Myspace ha segnato la fortuna di molti artisti emergenti, ma con l’avvento di Facebook, Twitter e simili il concetto di band si è ridotto ad essere un unico, grande cartellone pubblicitario nel quale si dà molta importanza all’impatto visivo sul pubblico, a discapito di quello musicale. Oggi sono indispensabili queste tecnologie?

«È innegabile che l’uso di questi social network sia un canale importante per la promozione di tutti quei gruppi che non hanno la possibilità di farsi notare attraverso i mezzi di comunicazione di massa. Questi siti riflettono però una visione distorta delle reali qualità delle band. Molte pagine di artisti semi-sconosciuti appaiono del tutto simile a quelle di star internazionali: l’aspetto positivo è che si riduce il divario di visibilità fra chi è già famoso e che emerge, mentre l’aspetto negativo è che possono apparire come affermati anche gruppi non meritevoli.»

Ora passiamo a cose meno complicate: com’è il rapporto nel gruppo? Dacci le tre regole per andare d’amore e d’accordo.

«Noi quattro prima di tutto siamo grandi amici, condividiamo molto tempo insieme anche  fuori dalla sala prove. Le tre regole principali che ci uniscono sono il rispetto reciproco, l’impegno costante e condiviso e la capacità di scherzare al momento giusto.»

Avete concerti in previsione?

«Per ora stiamo ultimando la preparazione per i live, ma contiamo di riprendere ad esibirci dal vivo tra marzo e aprile.»

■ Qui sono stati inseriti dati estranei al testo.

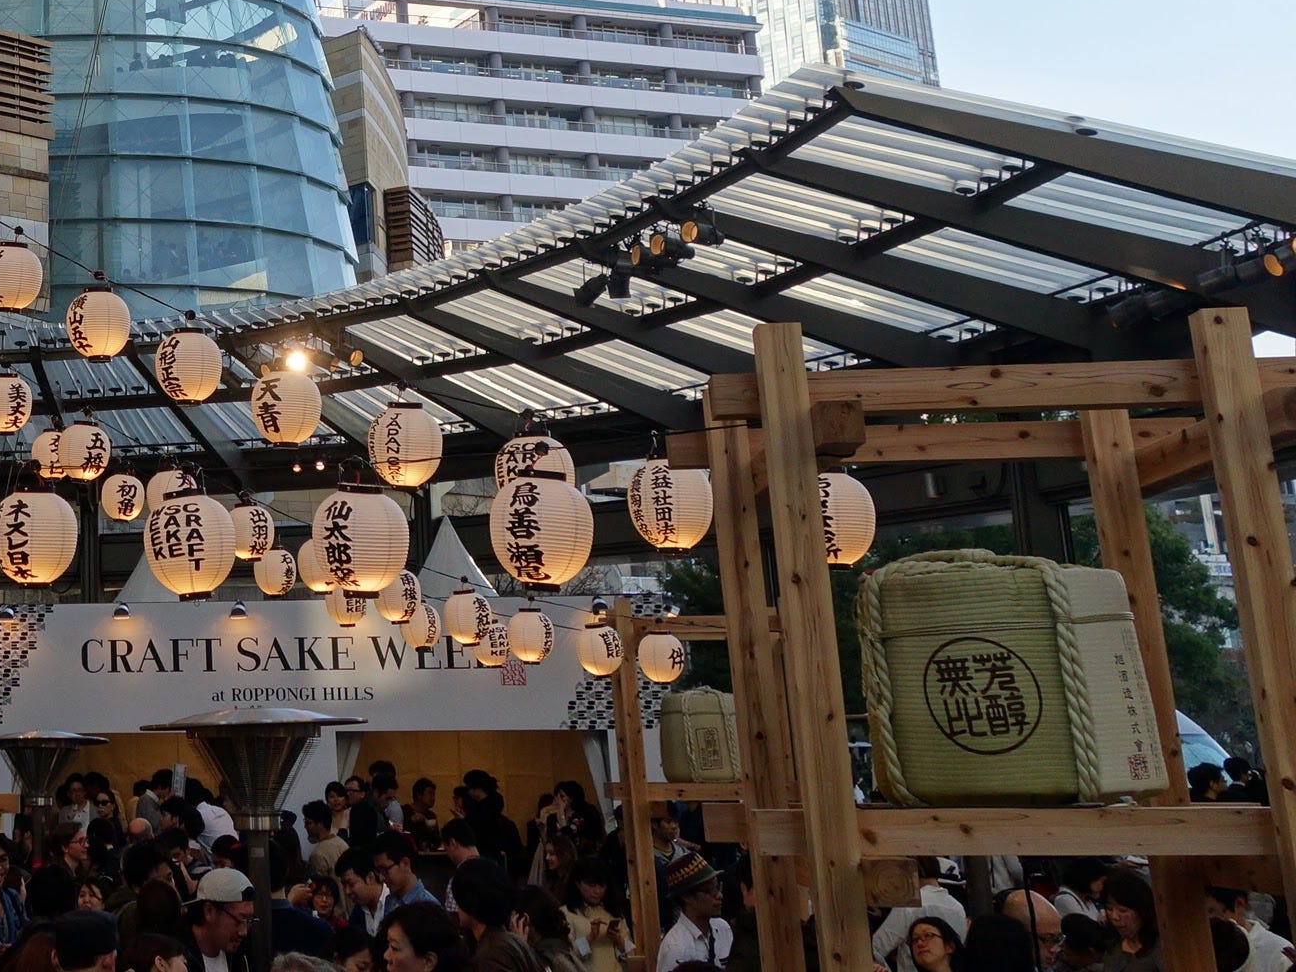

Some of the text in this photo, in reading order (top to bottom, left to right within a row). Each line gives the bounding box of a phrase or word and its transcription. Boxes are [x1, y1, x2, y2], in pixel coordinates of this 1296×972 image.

Mogol Bordello si occupa della  glocalizzazione della Bassa; il nostro territorio offre possibilità di farsi notare? Il pubblico reagisce bene o in qualche modo è restio?

«Per farsi notare c’è bisogno di molto impegno e intraprendenza: è importante conoscere i gruppi della zona e stringere amicizia con loro, aiutarsi a vicenda. Il nostro genere non si presta molto a locali che prediligono musica leggera, dove per lo più suonano cover band anni Ottanta, mentre le maggiori possibilità sono offerte da locali come circoli ARCI e rock club  dove talvolta si svolgono anche festival dedicati al genere.

Per quanto riguarda il pubblico il discorso è abbastanza analogo: le persone appassionate del genere assistono volentieri e a volte vanno proprio alla ricerca di gruppi emergenti, mentre chi in un certo senso ne è estraneo non si interessa neanche.»

I Burning Like Torches hanno autoprodotto l’EP Gravelights, contenente tre tracce (If I die; The discord between two parts of the same I; Dry clouds above visions), due delle quali sono ascoltabili sul loro profilo myspace.

I BLT nella Gorna. Da sinistra Stefano, Roberto, Lorenzo e Nicolò.